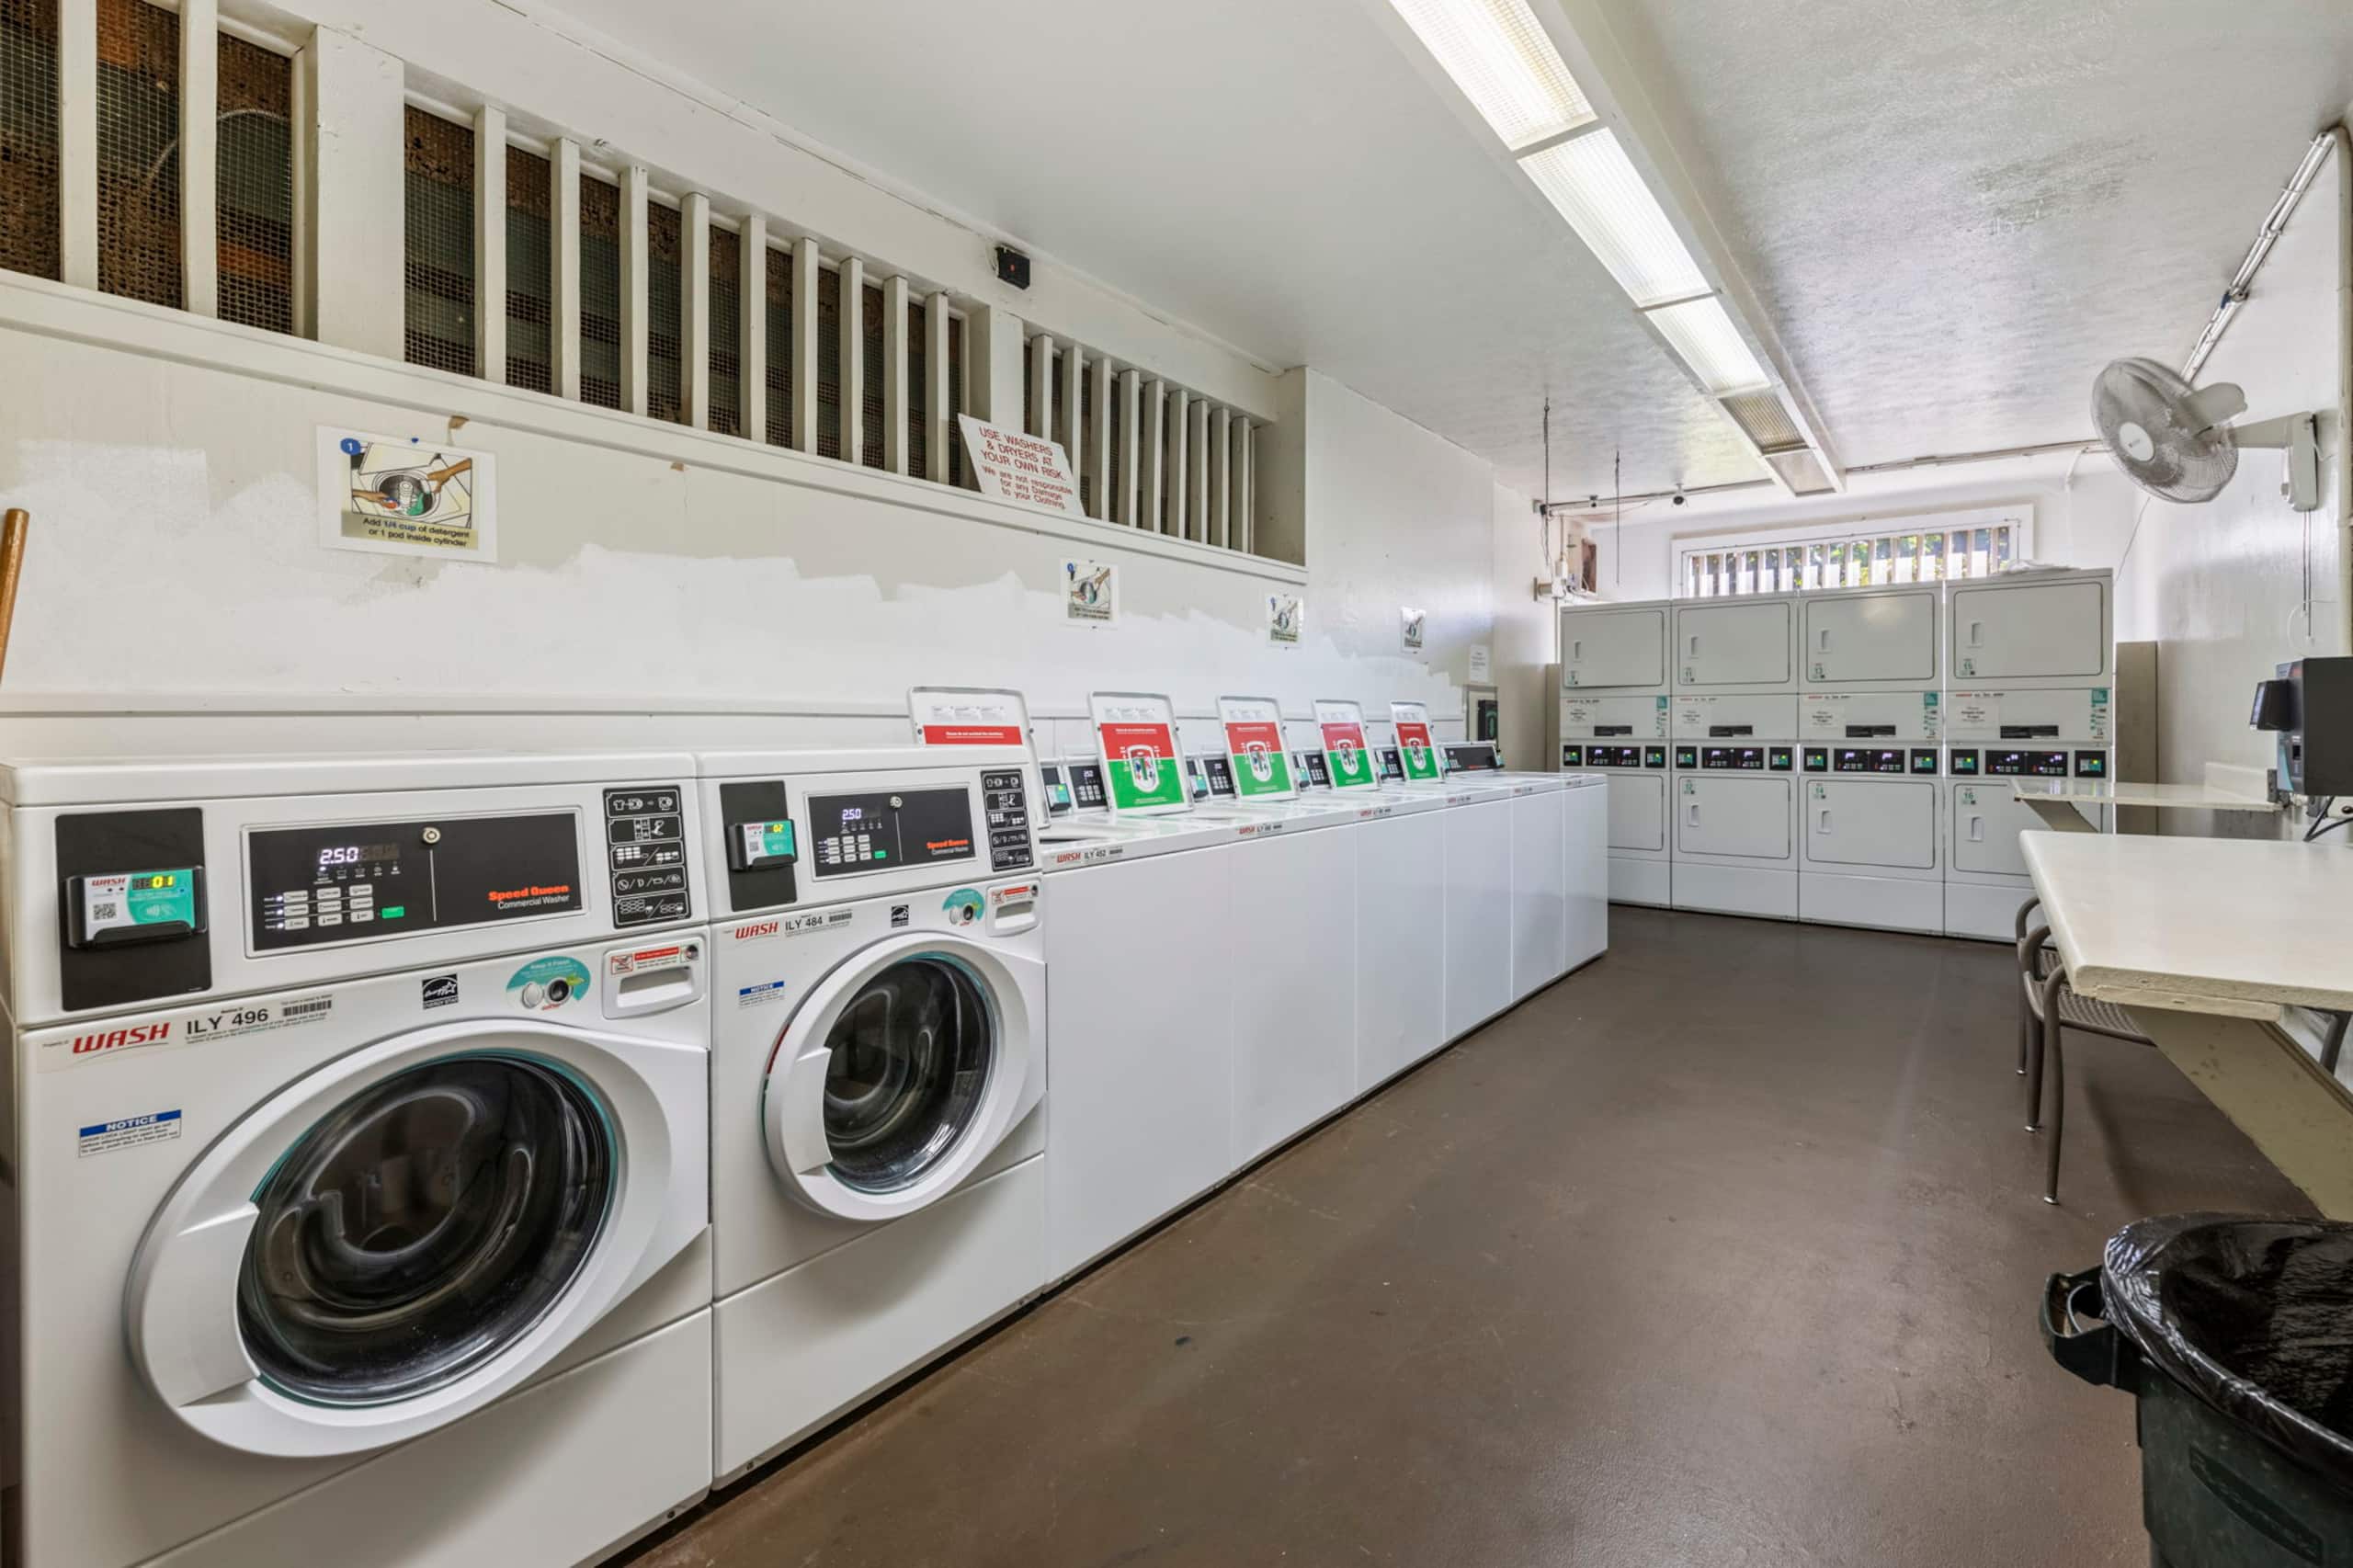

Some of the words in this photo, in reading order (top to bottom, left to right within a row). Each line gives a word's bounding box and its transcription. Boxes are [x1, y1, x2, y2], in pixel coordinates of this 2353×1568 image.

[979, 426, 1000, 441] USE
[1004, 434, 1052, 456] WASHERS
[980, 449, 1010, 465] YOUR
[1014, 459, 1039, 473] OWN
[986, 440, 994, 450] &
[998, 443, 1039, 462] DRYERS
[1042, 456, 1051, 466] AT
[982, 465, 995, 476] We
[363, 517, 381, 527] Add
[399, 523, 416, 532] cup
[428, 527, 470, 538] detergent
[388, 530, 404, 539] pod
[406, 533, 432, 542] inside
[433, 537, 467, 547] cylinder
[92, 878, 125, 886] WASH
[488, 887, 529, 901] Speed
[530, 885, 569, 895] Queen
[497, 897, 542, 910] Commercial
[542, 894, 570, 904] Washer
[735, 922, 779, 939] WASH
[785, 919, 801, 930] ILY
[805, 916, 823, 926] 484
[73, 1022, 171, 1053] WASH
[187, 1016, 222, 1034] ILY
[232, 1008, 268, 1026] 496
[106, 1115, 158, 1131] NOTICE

* * * * * * *

## EXERCISE
Leave the pictures out. Otherwise, output the listing above exactly.

## ANSWER
Some of the words in this photo, in reading order (top to bottom, left to right within a row). Each line gives a word's bounding box and its transcription. Boxes are [x1, y1, x2, y2], in pixel coordinates of this 2353×1568 image.

[979, 426, 1000, 441] USE
[1004, 434, 1052, 456] WASHERS
[980, 449, 1010, 465] YOUR
[1014, 459, 1039, 473] OWN
[986, 440, 994, 450] &
[998, 443, 1039, 462] DRYERS
[1042, 456, 1051, 466] AT
[982, 465, 995, 476] We
[363, 517, 381, 527] Add
[399, 523, 416, 532] cup
[428, 527, 470, 538] detergent
[388, 530, 404, 539] pod
[406, 533, 432, 542] inside
[433, 537, 467, 547] cylinder
[92, 878, 125, 886] WASH
[488, 887, 529, 901] Speed
[530, 885, 569, 895] Queen
[497, 897, 542, 910] Commercial
[542, 894, 570, 904] Washer
[735, 922, 779, 939] WASH
[785, 919, 801, 930] ILY
[805, 916, 823, 926] 484
[73, 1022, 171, 1053] WASH
[187, 1016, 222, 1034] ILY
[232, 1008, 268, 1026] 496
[106, 1115, 158, 1131] NOTICE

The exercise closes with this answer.